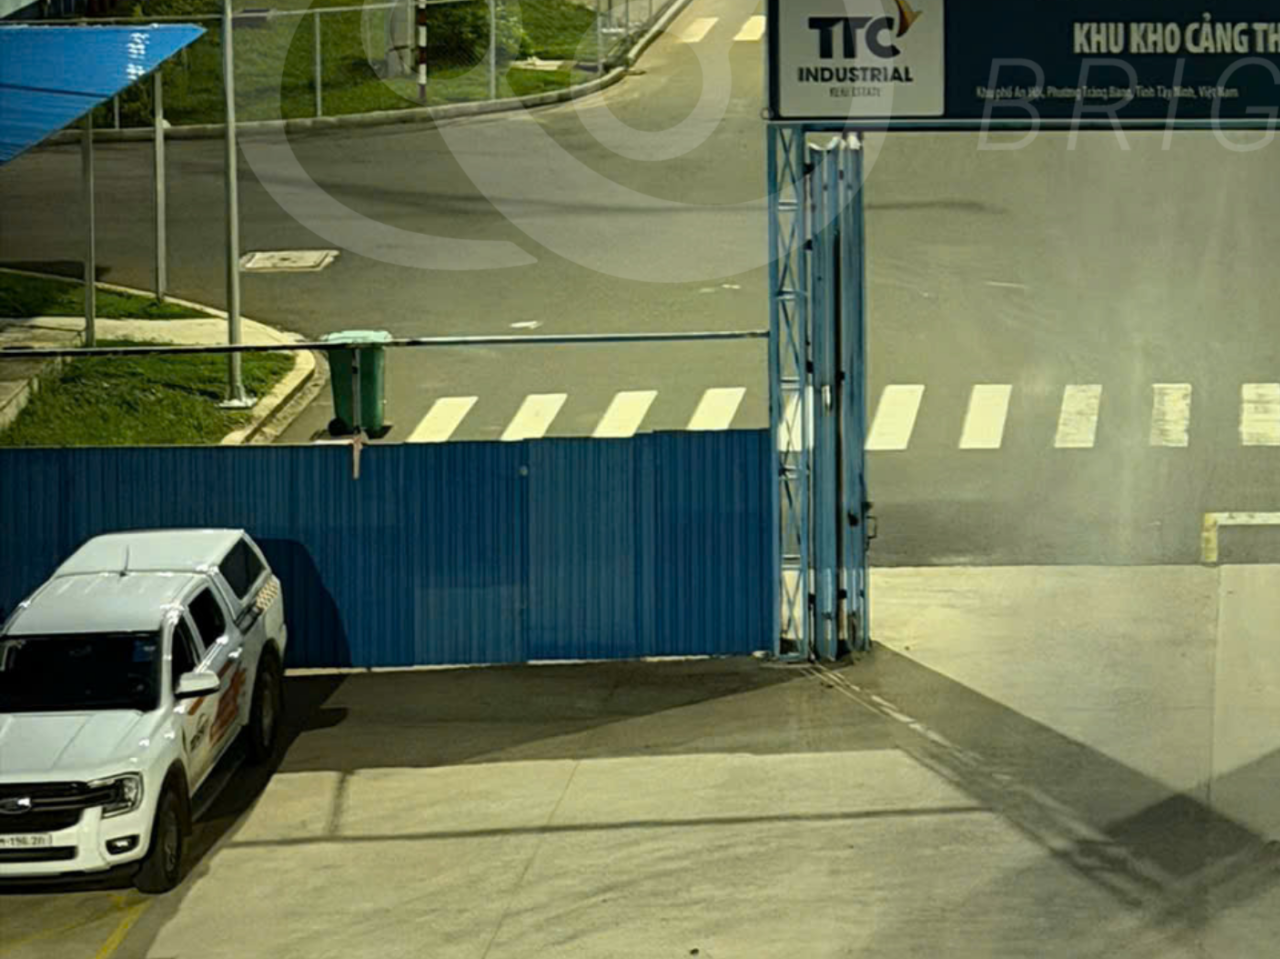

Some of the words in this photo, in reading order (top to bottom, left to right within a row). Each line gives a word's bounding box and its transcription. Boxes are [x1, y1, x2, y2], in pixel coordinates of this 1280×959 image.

[808, 16, 901, 59] TTC
[1073, 21, 1126, 54] KHU
[1128, 21, 1182, 54] KHO
[1185, 11, 1250, 54] CẢNG
[798, 67, 914, 82] INDUSTRIAL

———

Your reply is the full set of entries reproduced exactly, with images omitted.

Some of the words in this photo, in reading order (top to bottom, left to right within a row). Each line gives a word's bounding box and its transcription. Boxes are [x1, y1, x2, y2], in pixel coordinates of this 1280×959 image.

[808, 16, 901, 59] TTC
[1073, 21, 1126, 54] KHU
[1128, 21, 1182, 54] KHO
[1185, 11, 1250, 54] CẢNG
[798, 67, 914, 82] INDUSTRIAL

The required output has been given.